**LISTED RECORDS:**
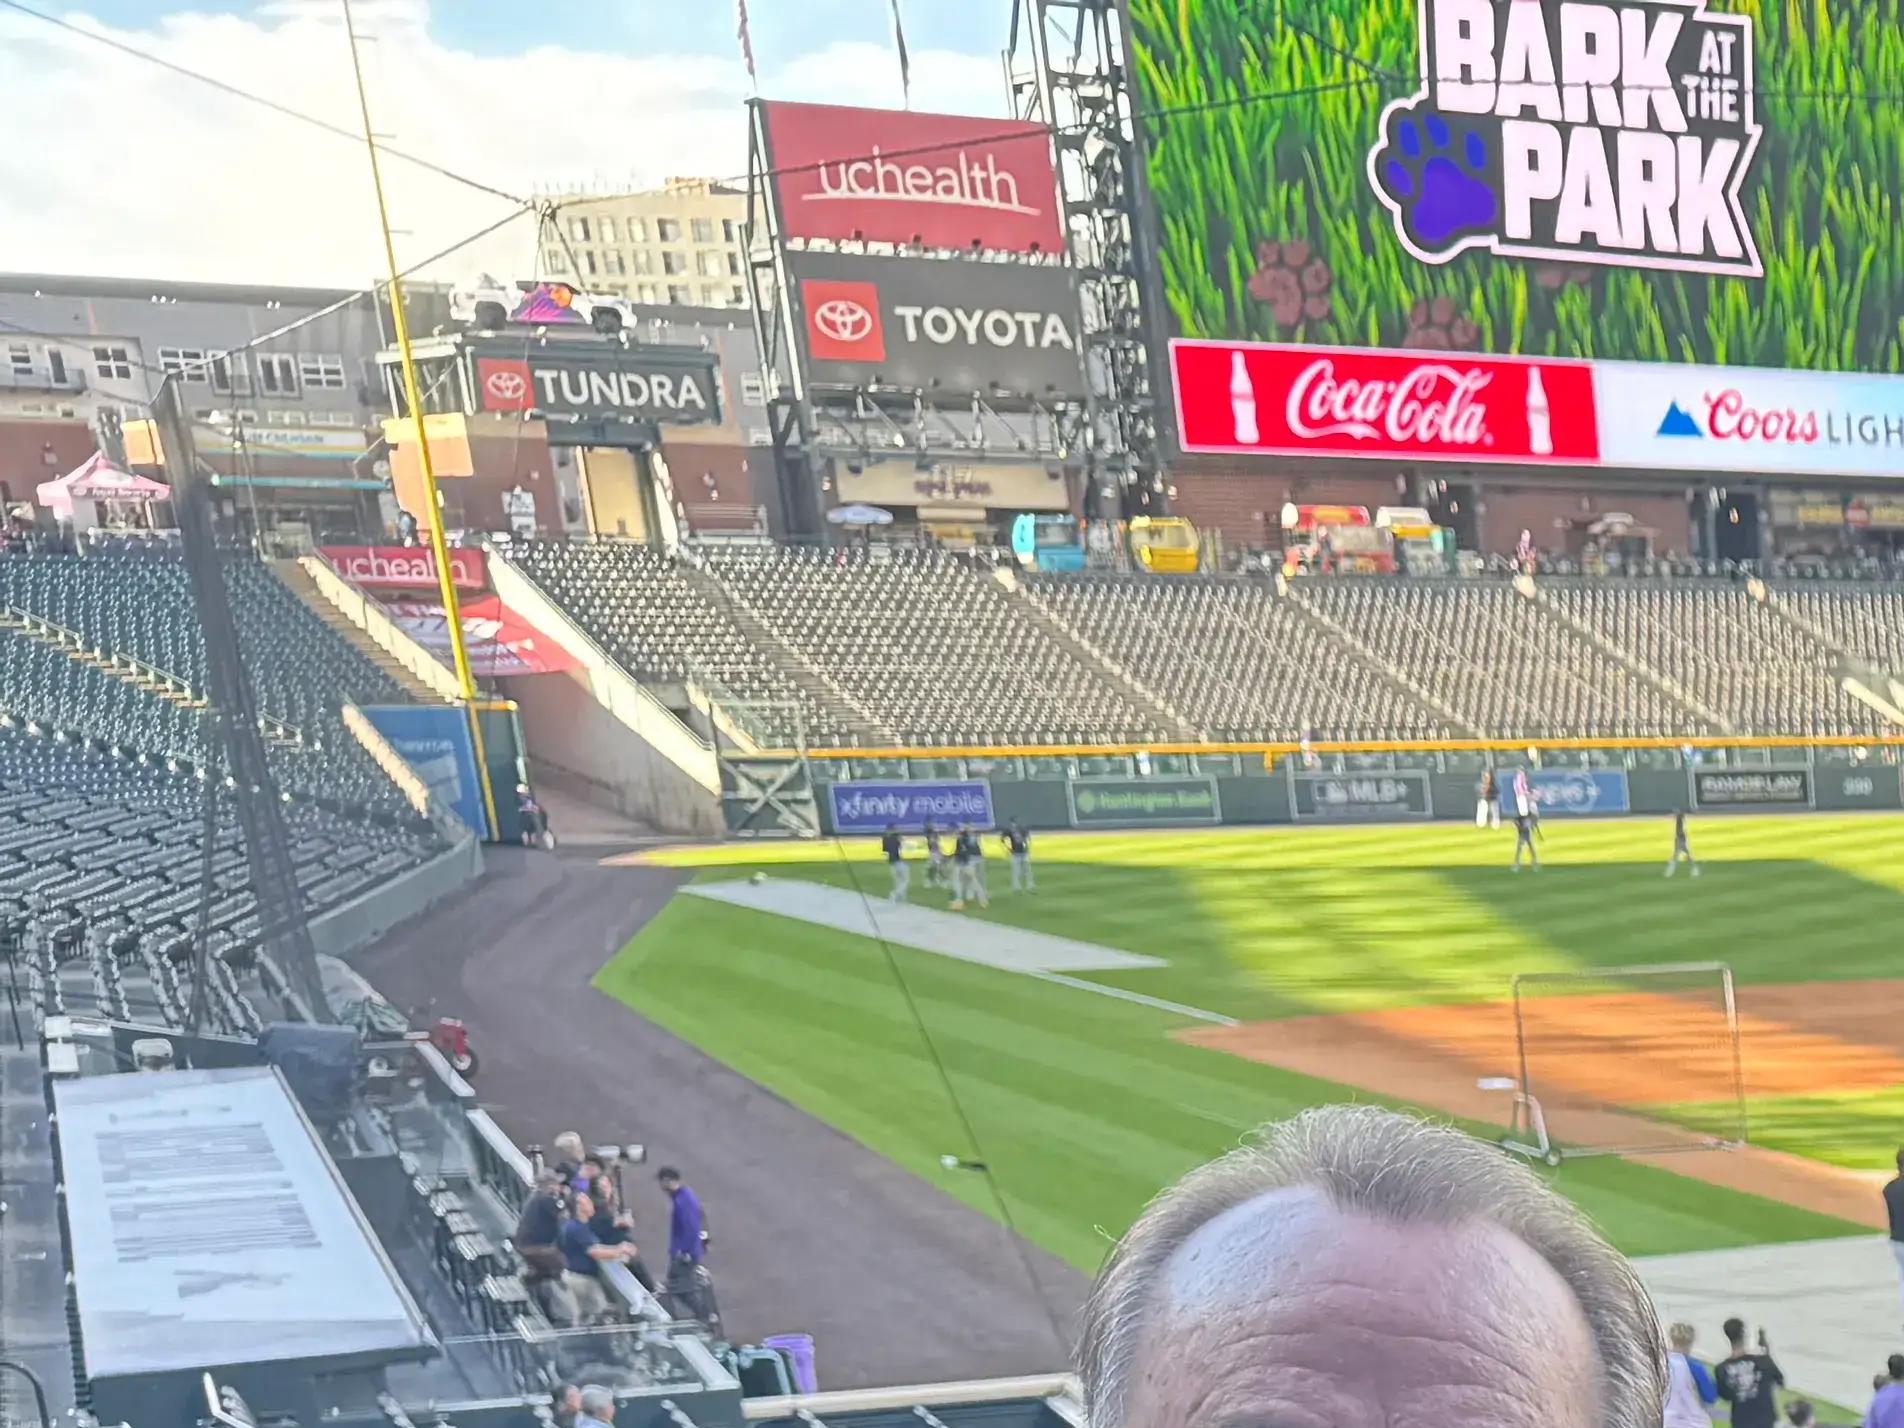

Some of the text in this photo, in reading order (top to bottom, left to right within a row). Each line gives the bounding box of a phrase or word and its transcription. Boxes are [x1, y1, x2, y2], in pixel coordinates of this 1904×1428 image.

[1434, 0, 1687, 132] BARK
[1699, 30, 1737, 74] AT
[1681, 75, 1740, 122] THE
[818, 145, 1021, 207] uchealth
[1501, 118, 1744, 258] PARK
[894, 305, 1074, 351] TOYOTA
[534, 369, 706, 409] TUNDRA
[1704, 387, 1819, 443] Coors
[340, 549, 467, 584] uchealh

**PROBLEM DESCRIPTION:** Return every line of the records exactly as given, pictures excluded.

**TASK SOLUTION:**
Some of the text in this photo, in reading order (top to bottom, left to right within a row). Each line gives the bounding box of a phrase or word and its transcription. Boxes are [x1, y1, x2, y2], in pixel coordinates of this 1904×1428 image.

[1434, 0, 1687, 132] BARK
[1699, 30, 1737, 74] AT
[1681, 75, 1740, 122] THE
[818, 145, 1021, 207] uchealth
[1501, 118, 1744, 258] PARK
[894, 305, 1074, 351] TOYOTA
[534, 369, 706, 409] TUNDRA
[1704, 387, 1819, 443] Coors
[340, 549, 467, 584] uchealh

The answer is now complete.